What the task requires — Your output must reproduce all the records below precisely and contain no pictures.

Record set —
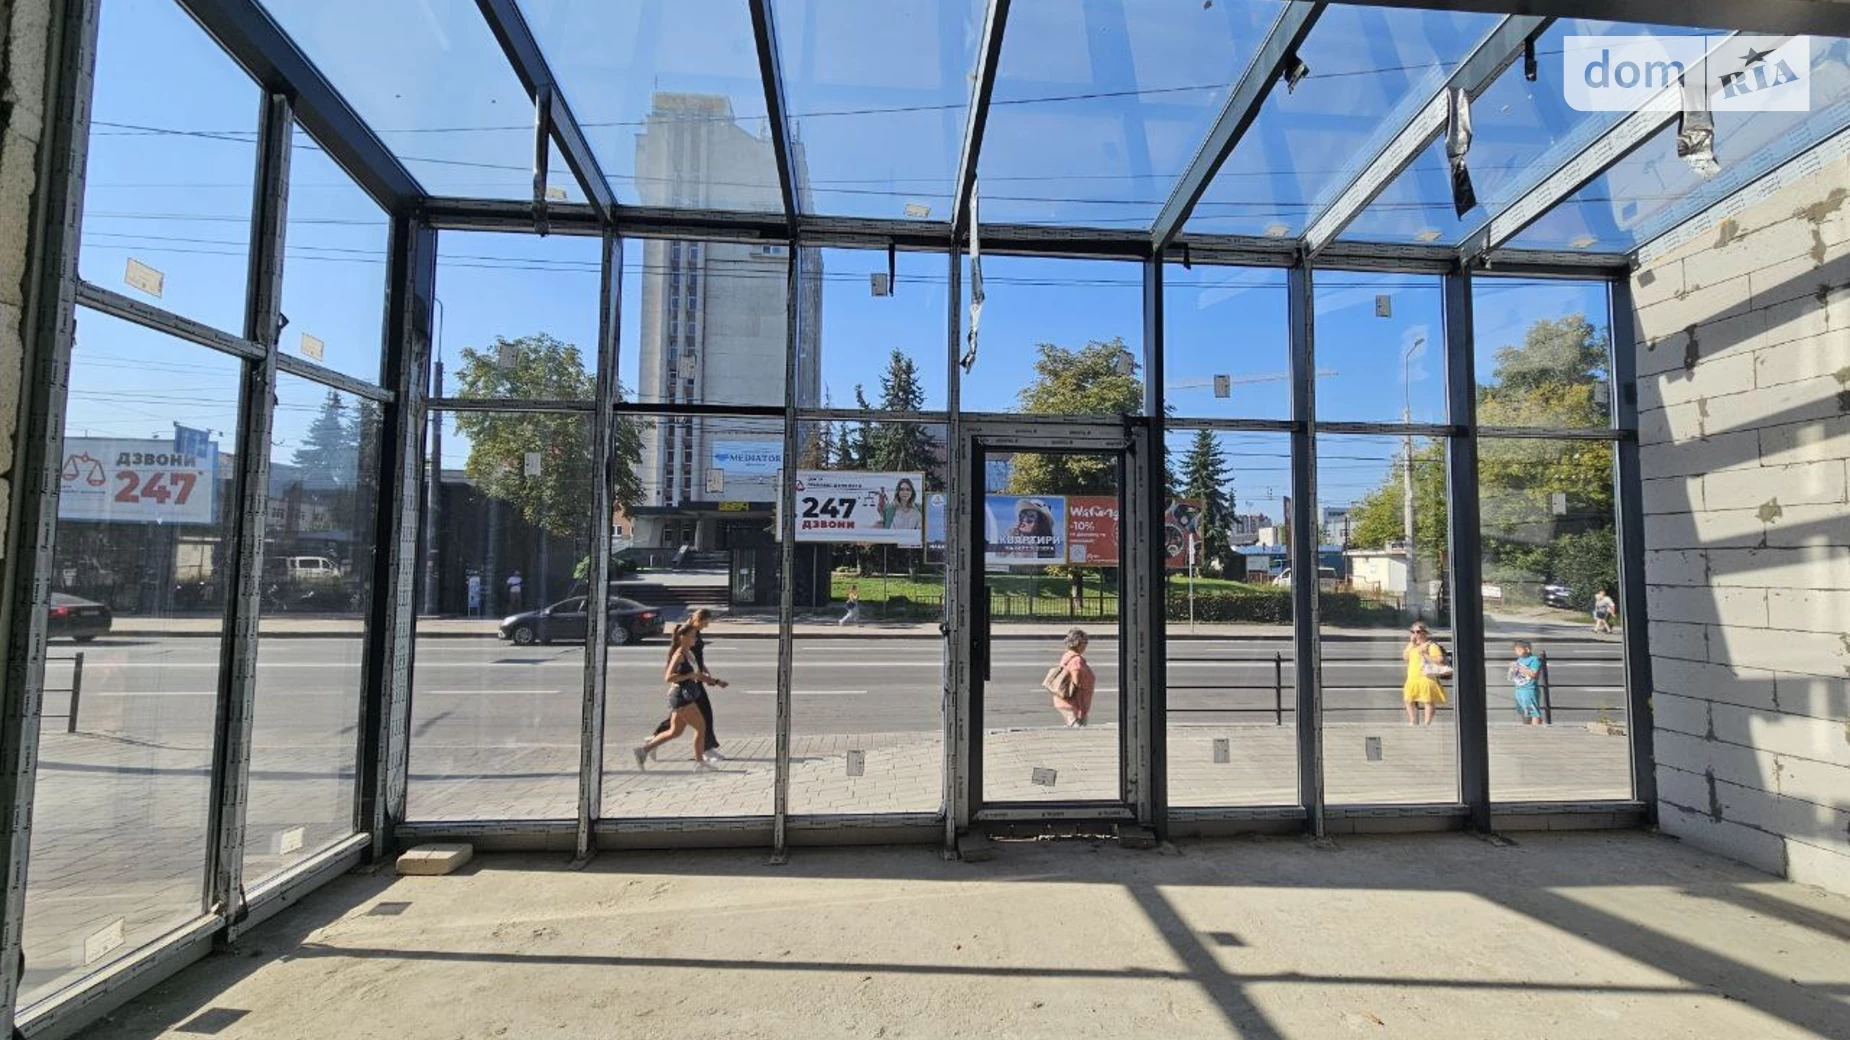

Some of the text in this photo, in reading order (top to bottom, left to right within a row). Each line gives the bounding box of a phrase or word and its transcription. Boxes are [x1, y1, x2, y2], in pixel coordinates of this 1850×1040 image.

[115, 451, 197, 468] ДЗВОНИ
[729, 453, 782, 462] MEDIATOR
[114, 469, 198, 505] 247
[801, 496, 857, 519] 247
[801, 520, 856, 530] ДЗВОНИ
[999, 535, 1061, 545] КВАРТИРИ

Answer section —
Some of the text in this photo, in reading order (top to bottom, left to right within a row). Each line gives the bounding box of a phrase or word and its transcription. Boxes are [x1, y1, x2, y2], in pixel coordinates of this 1850×1040 image.

[115, 451, 197, 468] ДЗВОНИ
[729, 453, 782, 462] MEDIATOR
[114, 469, 198, 505] 247
[801, 496, 857, 519] 247
[801, 520, 856, 530] ДЗВОНИ
[999, 535, 1061, 545] КВАРТИРИ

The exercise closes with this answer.